Loveday is a loner and her whole world revolves around the Bookshop where she works and, even better, the books within it. All books are special to her and they are the only place she feels safe.
The book is paced so well that you are eager to learn why Loveday is so sue that she has to wall herself off from the world and why she quite simply doesn't like people. A feeling many of us are sure to empathise with. The overarching drama of her young life is slowly laid bare and through poetry and prose her damaged little soul is laid bare.
Great psychological from the author in places about how every individual perceives events differently and deals well with the basic insecurities we all face and how different people overcome them in different ways. Archie is garrulous and exceptionally extroverted, Nathan copes with the world by narrowing focus to a few rather than the many, Melodie takes refuge behind her exotic looks and creates a persona to match them, Rob hides behind academia because his demons look like hardwork in that milieu and Loveday, Loveday is just lost and scared and maybe a little emotionally retarded.

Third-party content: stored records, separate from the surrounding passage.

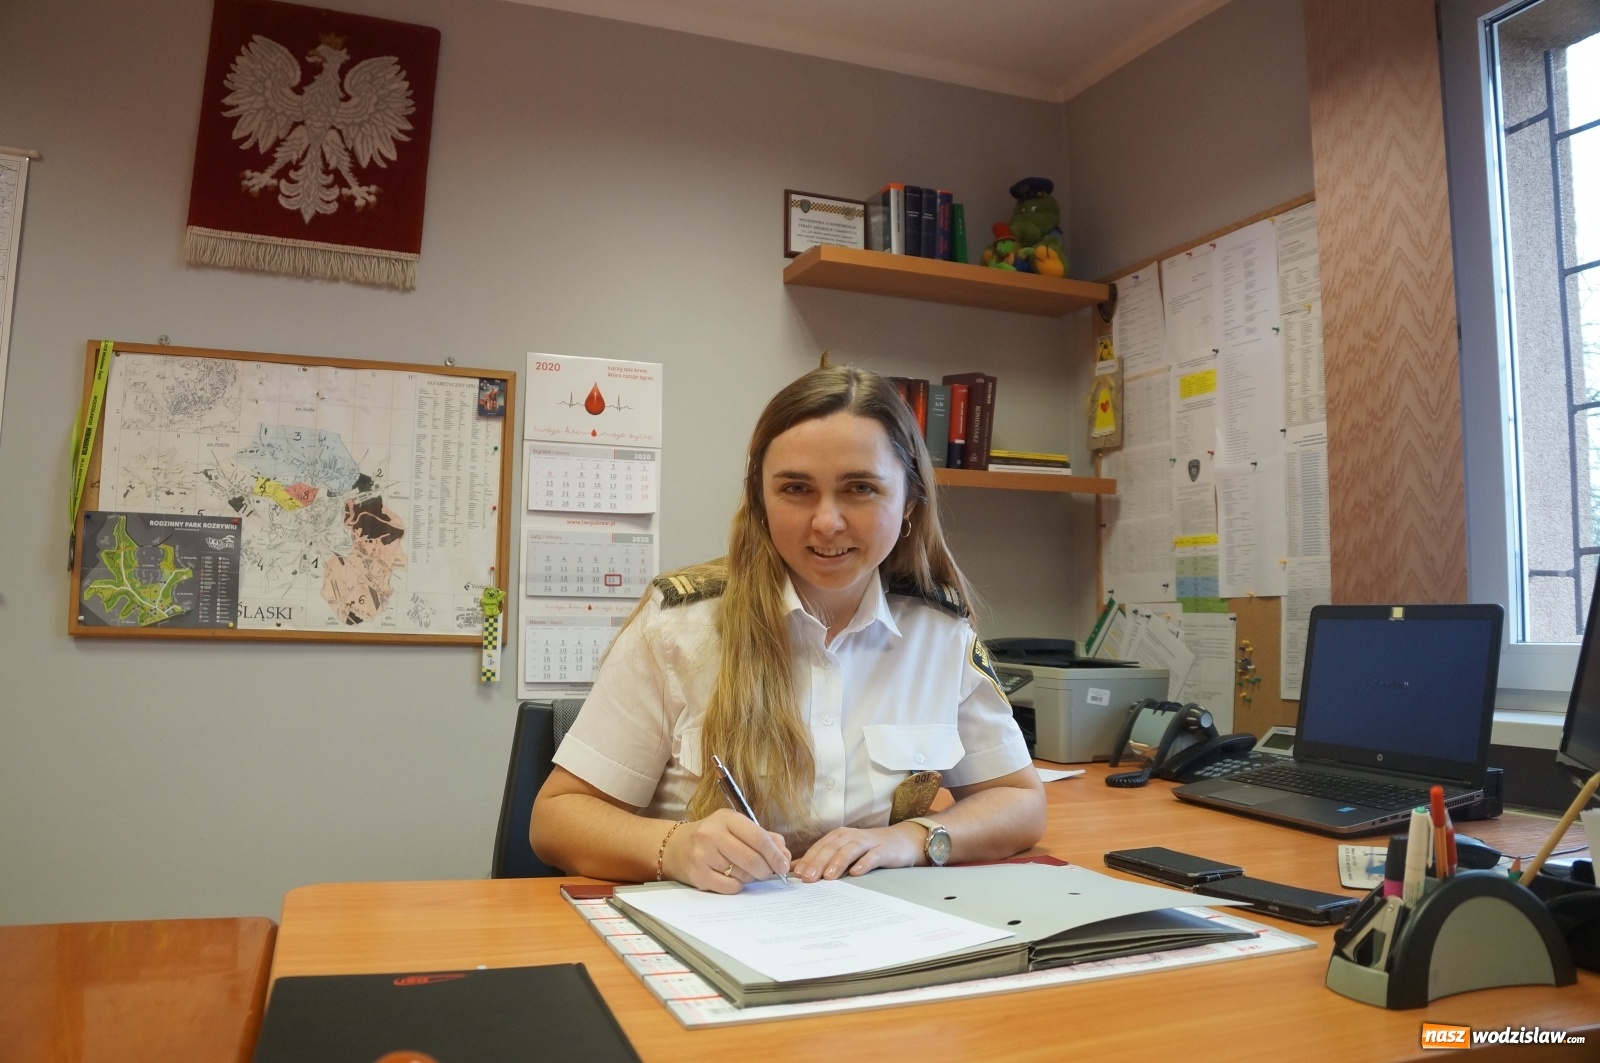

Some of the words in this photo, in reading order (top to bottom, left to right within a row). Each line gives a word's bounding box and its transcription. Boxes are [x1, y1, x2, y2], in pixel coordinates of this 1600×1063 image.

[535, 361, 561, 372] 2020
[973, 405, 982, 443] KOMENTARZ
[292, 432, 302, 441] 3
[375, 468, 384, 478] 2
[303, 490, 309, 499] 8
[202, 522, 237, 530] ROZRYWKI
[256, 559, 264, 571] 4
[311, 556, 319, 569] 1
[358, 594, 365, 604] 6
[237, 601, 293, 622] ŚLĄSKI

The only thing that grated for me where the descriptions of Whitby. They certainly didn't match my childhood memories of this Yorkshire gem and I am not entirely sure they would have matched Loveday's either. I also found it hard to believe she had read so much but never read Dracula when she had been brought up in Whitby.
Not an easy read in places on an emotional level but a thoroughly engrossing book that makes you examine your own motives for your actions toward others.
There are some editorial issues that made me wish for a bright red pen to slash through the typos and grammatical errors. Fortunately they aren't liberally sprinkled through the book so it still gets an unusual 5 stars from me.